*Given data*
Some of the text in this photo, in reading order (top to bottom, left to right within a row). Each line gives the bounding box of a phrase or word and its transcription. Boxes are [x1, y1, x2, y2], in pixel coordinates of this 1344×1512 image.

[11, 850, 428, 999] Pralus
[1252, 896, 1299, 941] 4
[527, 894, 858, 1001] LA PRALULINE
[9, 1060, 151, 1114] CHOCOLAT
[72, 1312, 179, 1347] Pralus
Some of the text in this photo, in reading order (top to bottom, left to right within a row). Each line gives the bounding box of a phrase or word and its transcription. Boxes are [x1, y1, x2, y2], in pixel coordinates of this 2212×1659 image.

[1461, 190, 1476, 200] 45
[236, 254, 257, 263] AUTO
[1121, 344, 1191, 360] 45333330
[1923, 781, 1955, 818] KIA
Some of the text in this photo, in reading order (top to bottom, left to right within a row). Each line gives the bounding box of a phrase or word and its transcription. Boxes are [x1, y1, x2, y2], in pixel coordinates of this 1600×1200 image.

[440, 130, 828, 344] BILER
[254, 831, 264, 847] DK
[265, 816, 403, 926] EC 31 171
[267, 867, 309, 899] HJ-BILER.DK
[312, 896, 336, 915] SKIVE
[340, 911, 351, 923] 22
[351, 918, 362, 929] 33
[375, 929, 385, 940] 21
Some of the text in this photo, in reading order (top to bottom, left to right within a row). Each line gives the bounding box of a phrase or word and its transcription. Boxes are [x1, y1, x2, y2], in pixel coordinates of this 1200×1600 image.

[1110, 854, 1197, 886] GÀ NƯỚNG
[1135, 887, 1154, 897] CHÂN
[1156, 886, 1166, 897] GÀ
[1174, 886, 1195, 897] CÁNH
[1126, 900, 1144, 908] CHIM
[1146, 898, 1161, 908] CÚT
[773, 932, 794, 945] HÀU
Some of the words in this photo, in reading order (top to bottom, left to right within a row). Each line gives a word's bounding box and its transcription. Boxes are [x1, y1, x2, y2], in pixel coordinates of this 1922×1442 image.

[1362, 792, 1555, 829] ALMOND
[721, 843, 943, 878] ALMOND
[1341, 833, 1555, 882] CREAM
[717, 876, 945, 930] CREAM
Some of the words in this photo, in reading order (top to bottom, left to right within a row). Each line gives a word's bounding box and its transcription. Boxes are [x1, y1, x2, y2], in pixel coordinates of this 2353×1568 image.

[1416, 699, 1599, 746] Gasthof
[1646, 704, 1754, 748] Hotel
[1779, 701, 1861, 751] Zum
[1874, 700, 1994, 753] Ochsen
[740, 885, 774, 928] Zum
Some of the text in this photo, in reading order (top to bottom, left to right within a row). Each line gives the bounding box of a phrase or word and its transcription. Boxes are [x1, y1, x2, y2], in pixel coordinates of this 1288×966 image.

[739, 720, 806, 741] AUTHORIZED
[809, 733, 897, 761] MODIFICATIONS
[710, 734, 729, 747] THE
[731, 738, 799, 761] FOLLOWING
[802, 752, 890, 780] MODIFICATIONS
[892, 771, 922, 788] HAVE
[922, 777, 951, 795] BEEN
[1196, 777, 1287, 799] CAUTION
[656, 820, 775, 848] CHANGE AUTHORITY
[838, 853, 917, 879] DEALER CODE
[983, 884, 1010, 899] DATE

*Exercise aim*
The material should be transcribed in full, character for character.

*Reply*
Some of the text in this photo, in reading order (top to bottom, left to right within a row). Each line gives the bounding box of a phrase or word and its transcription. Boxes are [x1, y1, x2, y2], in pixel coordinates of this 1344×1512 image.

[11, 850, 428, 999] Pralus
[1252, 896, 1299, 941] 4
[527, 894, 858, 1001] LA PRALULINE
[9, 1060, 151, 1114] CHOCOLAT
[72, 1312, 179, 1347] Pralus
Some of the text in this photo, in reading order (top to bottom, left to right within a row). Each line gives the bounding box of a phrase or word and its transcription. Boxes are [x1, y1, x2, y2], in pixel coordinates of this 2212×1659 image.

[1461, 190, 1476, 200] 45
[236, 254, 257, 263] AUTO
[1121, 344, 1191, 360] 45333330
[1923, 781, 1955, 818] KIA
Some of the text in this photo, in reading order (top to bottom, left to right within a row). Each line gives the bounding box of a phrase or word and its transcription. Boxes are [x1, y1, x2, y2], in pixel coordinates of this 1600×1200 image.

[440, 130, 828, 344] BILER
[254, 831, 264, 847] DK
[265, 816, 403, 926] EC 31 171
[267, 867, 309, 899] HJ-BILER.DK
[312, 896, 336, 915] SKIVE
[340, 911, 351, 923] 22
[351, 918, 362, 929] 33
[375, 929, 385, 940] 21
Some of the text in this photo, in reading order (top to bottom, left to right within a row). Each line gives the bounding box of a phrase or word and its transcription. Boxes are [x1, y1, x2, y2], in pixel coordinates of this 1200×1600 image.

[1110, 854, 1197, 886] GÀ NƯỚNG
[1135, 887, 1154, 897] CHÂN
[1156, 886, 1166, 897] GÀ
[1174, 886, 1195, 897] CÁNH
[1126, 900, 1144, 908] CHIM
[1146, 898, 1161, 908] CÚT
[773, 932, 794, 945] HÀU
Some of the words in this photo, in reading order (top to bottom, left to right within a row). Each line gives a word's bounding box and its transcription. Boxes are [x1, y1, x2, y2], in pixel coordinates of this 1922×1442 image.

[1362, 792, 1555, 829] ALMOND
[721, 843, 943, 878] ALMOND
[1341, 833, 1555, 882] CREAM
[717, 876, 945, 930] CREAM
Some of the words in this photo, in reading order (top to bottom, left to right within a row). Each line gives a word's bounding box and its transcription. Boxes are [x1, y1, x2, y2], in pixel coordinates of this 2353×1568 image.

[1416, 699, 1599, 746] Gasthof
[1646, 704, 1754, 748] Hotel
[1779, 701, 1861, 751] Zum
[1874, 700, 1994, 753] Ochsen
[740, 885, 774, 928] Zum
Some of the text in this photo, in reading order (top to bottom, left to right within a row). Each line gives the bounding box of a phrase or word and its transcription. Boxes are [x1, y1, x2, y2], in pixel coordinates of this 1288×966 image.

[739, 720, 806, 741] AUTHORIZED
[809, 733, 897, 761] MODIFICATIONS
[710, 734, 729, 747] THE
[731, 738, 799, 761] FOLLOWING
[802, 752, 890, 780] MODIFICATIONS
[892, 771, 922, 788] HAVE
[922, 777, 951, 795] BEEN
[1196, 777, 1287, 799] CAUTION
[656, 820, 775, 848] CHANGE AUTHORITY
[838, 853, 917, 879] DEALER CODE
[983, 884, 1010, 899] DATE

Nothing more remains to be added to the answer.